Amplifers

pebe

Joined Oct 11, 2004
626
Originally posted by Overclocked2300@May 11 2005, 02:58 AM
For the input I was just gonna use an op amp such as the TLO82 as a preamp.

The circuit shown gives abut 28dB Gain, and the max the speaker can take is 90. Human hearing is damaged at 85 I think. Im going to aim for 50 to be safe. So IF I design the preamp for another 28dB gain and dB add (correct me if I am wrong)

so 28+28=56dB

its gains that multiply correct?

The reason using an op amp for a pre amp because it has good rejection of noise, and it is also simple.
[post=7607]Quoted post[/post]​
Yes, you add gains in dB to get overall gain.

Don't get mixed up between gain and output power. The 'dB' is a measure of power *ratios* - not power levels. 6dB is a ratio of 4. So if you have 1mW input and a 4mW output you have a gain of 6dB. The same would be true if you had 250W input and 1KW output.

Strictly speaking, by definition dB can *only* refer to a power ratio. But it can also refer to a voltage gain if the input and output impedances are the same. Over the years people who should have known better started to refer to voltage gains in dB even when the in/out impedances were dissimilar - a typical case being the open loop gain given for op amps. So we now have a situation where any voltage ratios are refered to in dB. It's quite wrong - but such is progress!
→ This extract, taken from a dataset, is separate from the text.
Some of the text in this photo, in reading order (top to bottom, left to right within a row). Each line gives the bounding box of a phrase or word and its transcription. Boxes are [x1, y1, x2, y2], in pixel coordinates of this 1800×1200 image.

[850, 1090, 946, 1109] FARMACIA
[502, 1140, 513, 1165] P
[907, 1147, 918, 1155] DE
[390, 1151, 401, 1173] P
Your reference to human hearing being damaged at 85dB is different. This is where the dB refers to an *absolute* power level. In these cases the level always has a suffix to show it is an absolute level. Audio measurements are usually in dBA, though I seem to remember that high noise levels are in dBC, because the response curve is different to allow for changes in the human ear at those levels. So the figure should be 85dBA or 85dBC. The levels are referenced to 0dB which has a specific level.
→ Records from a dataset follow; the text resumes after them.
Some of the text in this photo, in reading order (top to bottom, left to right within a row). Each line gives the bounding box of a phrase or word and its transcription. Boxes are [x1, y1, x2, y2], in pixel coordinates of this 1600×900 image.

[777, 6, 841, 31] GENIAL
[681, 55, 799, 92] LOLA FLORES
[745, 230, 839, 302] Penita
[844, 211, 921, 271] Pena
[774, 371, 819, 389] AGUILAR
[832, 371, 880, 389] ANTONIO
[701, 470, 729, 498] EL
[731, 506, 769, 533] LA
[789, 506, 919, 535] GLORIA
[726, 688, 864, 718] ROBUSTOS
Other refences are dBW, dBmW, dBV etc.

I hope that may clarify things.
 

beenthere

Joined Apr 20, 2004
15,819
Hi,

There's a bit of confusion here. The voltage gain of the power amp is not really related to the output level. Remember that there is a transformation from electrical power into mechanical power at the speakers. The Decibel scale is not equivalent for voltage gain and sound pressure level measurements.

The absolute voltage gain of the amp is not a major issue. It's always going to be pretty high, and will be some fixed amount like 60 dB. The preamp feeding the power amp should have a volume control to regulate the level of the input, and thus control the output level of the amp. Otherwise, it's a bit like trying to drive a car with an engine set to run at full power all the time - not too practical.
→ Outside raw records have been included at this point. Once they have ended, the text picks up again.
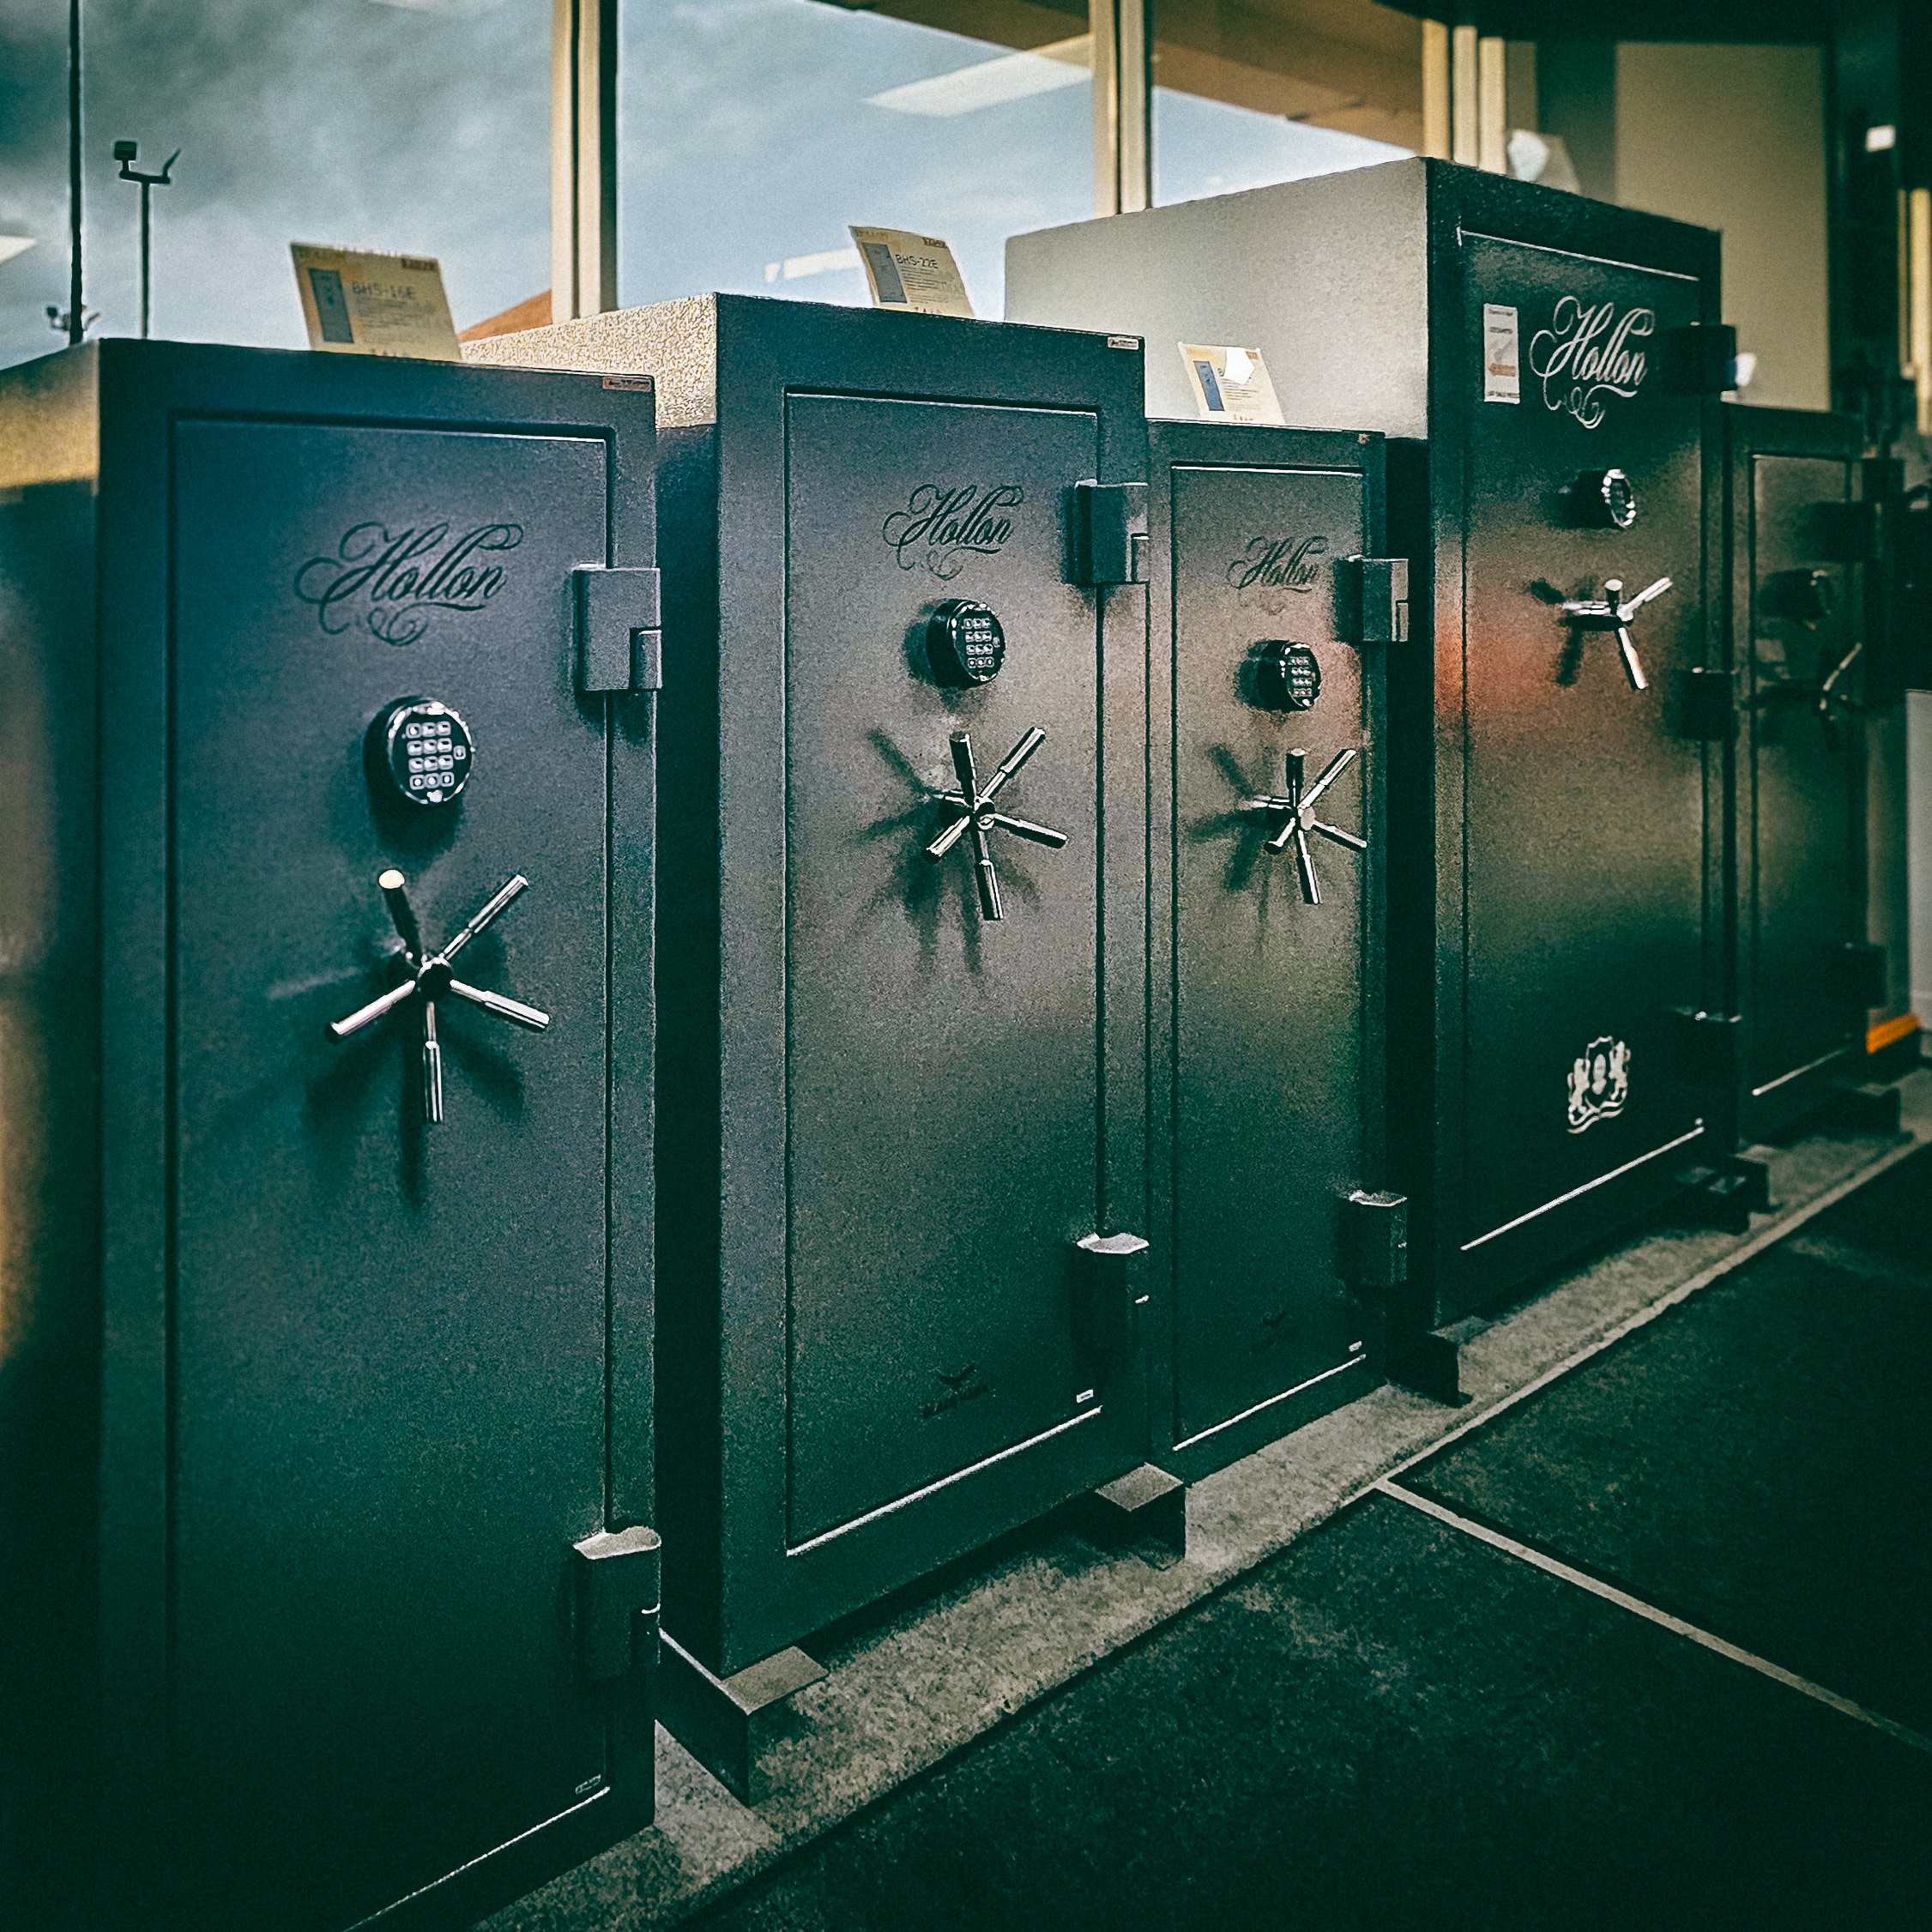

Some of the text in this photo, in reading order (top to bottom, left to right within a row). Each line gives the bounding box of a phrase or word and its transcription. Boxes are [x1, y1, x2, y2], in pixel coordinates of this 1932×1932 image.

[895, 254, 939, 269] BHS-22E
[1530, 295, 1655, 429] Hollon
[882, 483, 1024, 581] Hollon
[1227, 535, 1329, 615] Hollon
[293, 521, 524, 647] Hollon
The amp's voltage gain does not relate to its output power until the speaker load is known. Then you can figure the power from measuring the voltage across and the current through the speaker coils.

The conversion of electrical power to mechanical by the speakers is always fairly inefficient. At one time, the most popular Acoustic research speakers were rated at .9% efficiency. Took a lot of power to make then get loud. Then you measure them as having a sound pressure level - also a log scale in dB units. I seem to recall the a quiet conversation runs about 50 dB, while a military jet taking off is about 130 dB.

But with the volume control, you have the means to prevent hearing damage. Your amp may be capable of 500 watts out per side, but can be played at a comfortable level with a low volume setting.
 

Thread Starter

Overclocked2300

Joined Apr 24, 2005
124
Originally posted by beenthere@May 13 2005, 12:22 PM
Hi,

There's a bit of confusion here. The voltage gain of the power amp is not really related to the output level. Remember that there is a transformation from electrical power into mechanical power at the speakers. The Decibel scale is not equivalent for voltage gain and sound pressure level measurements.

The absolute voltage gain of the amp is not a major issue. It's always going to be pretty high, and will be some fixed amount like 60 dB. The preamp feeding the power amp should have a volume control to regulate the level of the input, and thus control the output level of the amp. Otherwise, it's a bit like trying to drive a car with an engine set to run at full power all the time - not too practical.

The amp's voltage gain does not relate to its output power until the speaker load is known. Then you can figure the power from measuring the voltage across and the current through the speaker coils.

The conversion of electrical power to mechanical by the speakers is always fairly inefficient. At one time, the most popular Acoustic research speakers were rated at .9% efficiency. Took a lot of power to make then get loud. Then you measure them as having a sound pressure level - also a log scale in dB units. I seem to recall the a quiet conversation runs about 50 dB, while a military jet taking off is about 130 dB.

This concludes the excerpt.